Would my Libertarian and Republican friends please explain to me: how much money is enough? When will you look back on all you’ve done and decide that you didn’t give a hand to your fellow man?

Is the corporate CEO a master to his employees? Who among us is living in a master/underling paradigm at work? Do employees have to depend upon a benevolent master, or can they receive the respect they deserve? Who is satisfied at work, and who is just doing it for the paycheck?

“I don’t care how benevolent the master is going to be, I will not live under a master. That is not what America was created for. America was created in order that every man should have the same chance as every other man to exercise mastery over his own fortunes. What I want to do is analogous to what the authorities of the city of Glasgow did with tenement houses. I want to light and patrol the corridors of these great organizations in order to see that nobody who tries to traverse them is waylaid and maltreated. If you will but hold off the adversaries, if you will but see to it that the weak are protected, I will venture a wager with you that there are some men in the United States, now weak, economically weak, who have brains enough to compete with these gentlemen and who will presently come into the market and put these gentlemen on their mettle. And the minute they come into the market there will be a bigger market for labor and a different wage scale for labor.

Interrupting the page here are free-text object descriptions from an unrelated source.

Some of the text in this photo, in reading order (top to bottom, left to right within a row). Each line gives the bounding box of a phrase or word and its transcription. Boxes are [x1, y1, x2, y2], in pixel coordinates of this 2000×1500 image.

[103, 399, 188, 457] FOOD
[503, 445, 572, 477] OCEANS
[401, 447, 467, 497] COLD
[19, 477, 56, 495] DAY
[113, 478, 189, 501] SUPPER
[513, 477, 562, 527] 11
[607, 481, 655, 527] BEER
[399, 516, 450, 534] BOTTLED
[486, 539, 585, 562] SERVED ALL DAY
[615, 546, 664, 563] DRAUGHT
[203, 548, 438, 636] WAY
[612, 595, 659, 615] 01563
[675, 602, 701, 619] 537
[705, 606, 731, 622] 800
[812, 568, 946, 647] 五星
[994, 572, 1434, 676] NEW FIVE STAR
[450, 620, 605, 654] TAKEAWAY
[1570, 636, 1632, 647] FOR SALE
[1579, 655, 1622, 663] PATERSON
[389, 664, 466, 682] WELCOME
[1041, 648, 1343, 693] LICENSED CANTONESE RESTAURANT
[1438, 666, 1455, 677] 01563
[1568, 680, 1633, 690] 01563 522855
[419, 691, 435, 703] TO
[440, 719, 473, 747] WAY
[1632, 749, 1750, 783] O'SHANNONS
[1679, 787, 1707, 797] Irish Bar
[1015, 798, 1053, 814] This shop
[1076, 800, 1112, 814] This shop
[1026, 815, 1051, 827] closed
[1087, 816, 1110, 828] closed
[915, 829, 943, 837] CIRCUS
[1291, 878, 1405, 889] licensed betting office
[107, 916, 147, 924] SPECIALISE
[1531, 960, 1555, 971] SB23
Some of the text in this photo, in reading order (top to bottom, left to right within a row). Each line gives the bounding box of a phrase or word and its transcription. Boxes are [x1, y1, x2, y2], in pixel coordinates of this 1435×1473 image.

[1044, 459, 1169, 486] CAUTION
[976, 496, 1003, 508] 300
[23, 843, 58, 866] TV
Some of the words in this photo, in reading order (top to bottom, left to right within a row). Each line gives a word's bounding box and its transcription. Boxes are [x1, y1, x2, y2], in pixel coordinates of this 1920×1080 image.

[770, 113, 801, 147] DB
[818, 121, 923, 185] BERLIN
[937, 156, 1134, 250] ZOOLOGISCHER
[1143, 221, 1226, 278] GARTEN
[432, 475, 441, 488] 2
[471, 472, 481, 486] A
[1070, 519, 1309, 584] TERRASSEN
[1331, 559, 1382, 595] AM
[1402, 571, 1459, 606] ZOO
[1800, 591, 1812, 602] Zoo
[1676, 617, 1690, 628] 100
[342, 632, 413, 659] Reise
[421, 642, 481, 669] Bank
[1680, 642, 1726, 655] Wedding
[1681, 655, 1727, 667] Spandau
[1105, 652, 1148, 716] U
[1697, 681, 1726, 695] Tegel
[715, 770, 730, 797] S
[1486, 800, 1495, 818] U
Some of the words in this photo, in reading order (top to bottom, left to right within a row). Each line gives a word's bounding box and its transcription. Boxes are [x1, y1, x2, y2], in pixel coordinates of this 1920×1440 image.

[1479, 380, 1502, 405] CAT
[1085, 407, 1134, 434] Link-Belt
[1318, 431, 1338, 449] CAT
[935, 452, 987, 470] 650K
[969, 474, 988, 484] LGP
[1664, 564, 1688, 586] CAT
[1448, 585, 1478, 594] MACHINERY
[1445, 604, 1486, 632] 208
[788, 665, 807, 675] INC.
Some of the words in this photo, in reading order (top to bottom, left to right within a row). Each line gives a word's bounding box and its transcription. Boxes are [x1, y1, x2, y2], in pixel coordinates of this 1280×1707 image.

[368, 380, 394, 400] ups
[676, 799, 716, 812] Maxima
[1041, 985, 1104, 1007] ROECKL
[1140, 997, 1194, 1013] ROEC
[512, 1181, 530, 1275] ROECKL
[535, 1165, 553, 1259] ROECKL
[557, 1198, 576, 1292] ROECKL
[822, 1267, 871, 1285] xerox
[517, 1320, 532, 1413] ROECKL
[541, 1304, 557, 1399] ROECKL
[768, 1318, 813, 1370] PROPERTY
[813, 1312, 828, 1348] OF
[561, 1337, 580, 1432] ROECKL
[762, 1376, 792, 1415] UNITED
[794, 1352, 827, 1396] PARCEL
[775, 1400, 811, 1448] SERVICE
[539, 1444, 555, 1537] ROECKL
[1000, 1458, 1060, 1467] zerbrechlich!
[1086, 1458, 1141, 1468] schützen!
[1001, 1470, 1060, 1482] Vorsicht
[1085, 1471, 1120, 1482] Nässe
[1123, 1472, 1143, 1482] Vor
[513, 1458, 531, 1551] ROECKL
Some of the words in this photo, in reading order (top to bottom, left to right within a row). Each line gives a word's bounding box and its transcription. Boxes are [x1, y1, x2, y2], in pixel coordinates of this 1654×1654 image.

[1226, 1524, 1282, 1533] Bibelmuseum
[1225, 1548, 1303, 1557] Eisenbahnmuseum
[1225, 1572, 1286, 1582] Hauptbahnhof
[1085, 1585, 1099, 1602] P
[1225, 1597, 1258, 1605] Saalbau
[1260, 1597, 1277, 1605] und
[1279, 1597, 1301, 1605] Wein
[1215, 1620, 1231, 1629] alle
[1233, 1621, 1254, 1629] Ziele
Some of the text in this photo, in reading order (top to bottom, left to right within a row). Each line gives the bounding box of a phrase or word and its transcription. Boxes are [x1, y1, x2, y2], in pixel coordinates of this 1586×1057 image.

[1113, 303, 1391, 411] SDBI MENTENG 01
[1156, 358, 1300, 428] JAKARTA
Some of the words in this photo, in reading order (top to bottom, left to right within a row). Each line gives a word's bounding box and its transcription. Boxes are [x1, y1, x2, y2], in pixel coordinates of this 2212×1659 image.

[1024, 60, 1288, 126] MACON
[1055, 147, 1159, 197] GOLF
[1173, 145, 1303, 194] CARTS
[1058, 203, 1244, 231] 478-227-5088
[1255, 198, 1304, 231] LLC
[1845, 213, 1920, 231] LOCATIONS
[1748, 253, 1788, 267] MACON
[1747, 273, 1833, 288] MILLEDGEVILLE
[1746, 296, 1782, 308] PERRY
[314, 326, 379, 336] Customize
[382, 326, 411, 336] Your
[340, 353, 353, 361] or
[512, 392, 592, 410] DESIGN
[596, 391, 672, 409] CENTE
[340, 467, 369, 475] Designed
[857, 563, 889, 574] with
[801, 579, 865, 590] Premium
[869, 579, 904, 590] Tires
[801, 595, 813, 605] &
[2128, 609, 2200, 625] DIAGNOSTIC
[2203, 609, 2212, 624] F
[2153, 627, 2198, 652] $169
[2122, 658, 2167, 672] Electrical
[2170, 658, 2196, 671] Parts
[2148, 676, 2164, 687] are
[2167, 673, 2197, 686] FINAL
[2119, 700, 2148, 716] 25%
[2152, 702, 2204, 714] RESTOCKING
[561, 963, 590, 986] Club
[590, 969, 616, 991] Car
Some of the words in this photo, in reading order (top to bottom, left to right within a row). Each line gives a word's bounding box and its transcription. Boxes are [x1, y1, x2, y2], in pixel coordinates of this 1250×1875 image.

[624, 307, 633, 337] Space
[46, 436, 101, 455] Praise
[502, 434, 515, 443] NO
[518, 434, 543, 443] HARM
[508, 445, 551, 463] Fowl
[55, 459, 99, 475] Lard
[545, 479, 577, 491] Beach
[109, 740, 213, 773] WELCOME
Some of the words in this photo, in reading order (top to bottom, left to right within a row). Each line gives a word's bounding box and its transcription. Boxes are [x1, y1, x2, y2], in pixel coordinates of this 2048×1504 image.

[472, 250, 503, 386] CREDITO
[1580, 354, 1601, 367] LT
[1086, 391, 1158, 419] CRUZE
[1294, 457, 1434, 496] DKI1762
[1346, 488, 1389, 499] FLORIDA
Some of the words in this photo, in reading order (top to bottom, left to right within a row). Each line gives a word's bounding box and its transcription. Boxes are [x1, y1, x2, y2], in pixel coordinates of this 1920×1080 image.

“Because it is susceptible of convincing proof that the high-paid labor of America,—where it is high paid,—is cheaper than the low-paid labor of the continent of Europe. Do you know that about ninety per cent of those who are employed in labor in this country are not employed in the “protected” industries, and that their wages are almost without exception higher than the wages of those who are employed in the “protected” industries? There is no corner on carpenters, there is no corner on bricklayers, there is no corner on scores of individual classes of skilled laborers; but there is a corner on the poolers in the furnaces, there is a corner on the men who dive down into the mines; they are in the grip of a controlling power which determines the market rates of wages in the United States. Only where labor is free is labor highly paid in America.”

Wilson, Woodrow. “Chapter 9/Benevolence or Justice?” The New Freedom; a Call for the Emancipation of the Generous Energies of a People. New York and Garden City: Doubleday, Page, 1913. 207-209. Print.